Friday night, a faction within the Turkish armed forces calling itself the "Peace at Home Council" said they had seized power, taken over the government, and declared martial law. They deployed forces onto the streets of Istanbul and Ankara, Turkey's largest city and capital, respectively, and closed two major bridges leading into Istanbul.

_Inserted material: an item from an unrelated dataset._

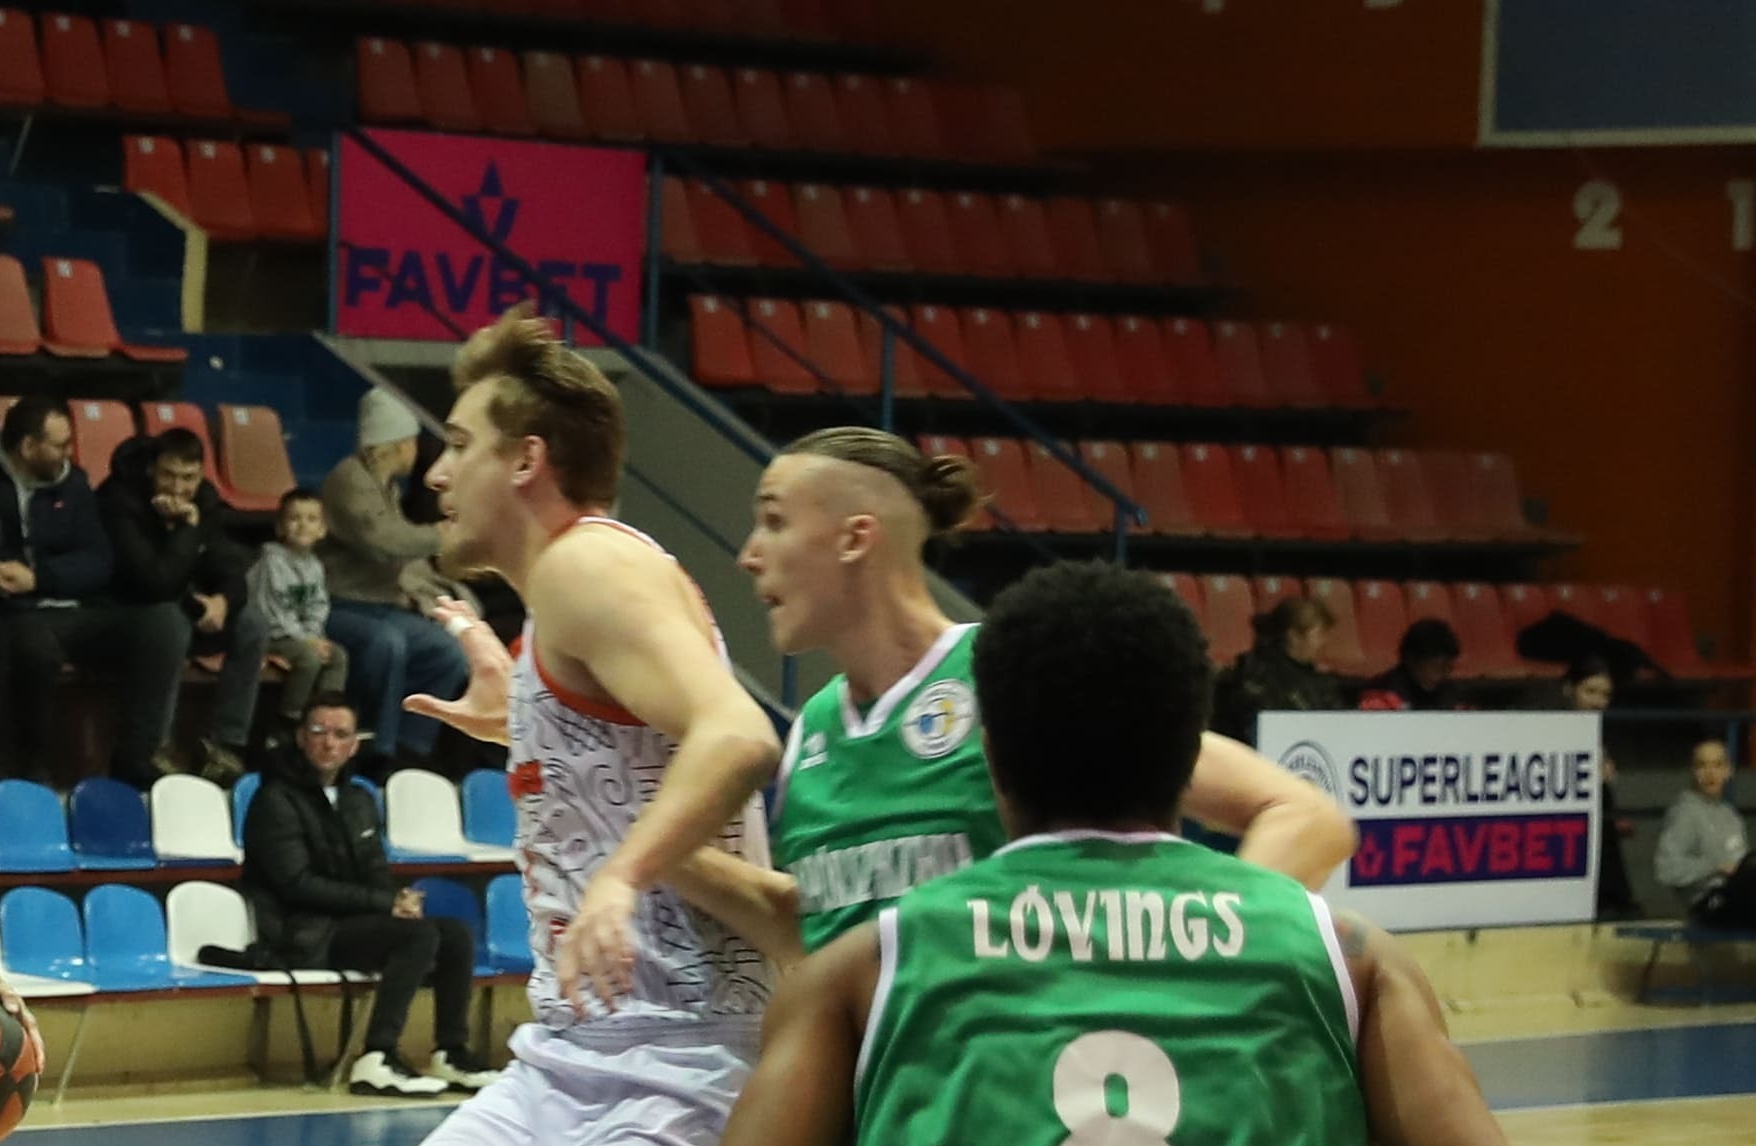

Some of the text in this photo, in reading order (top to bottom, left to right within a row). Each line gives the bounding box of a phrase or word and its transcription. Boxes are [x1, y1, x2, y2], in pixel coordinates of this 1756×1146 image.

A Turkish national intelligence spokesman said the coup attempt had been "repelled" and "defeated" by early Saturday morning. At least 260 people were reportedly killed in the clashes, according to Turkish officials, and more than 2,000 soldiers across the country have reportedly been arrested.
Turkey's president Recep Erdogan called the attempted coup "an act of treason," and vowed that the plotters would "pay a heavy price" for their actions.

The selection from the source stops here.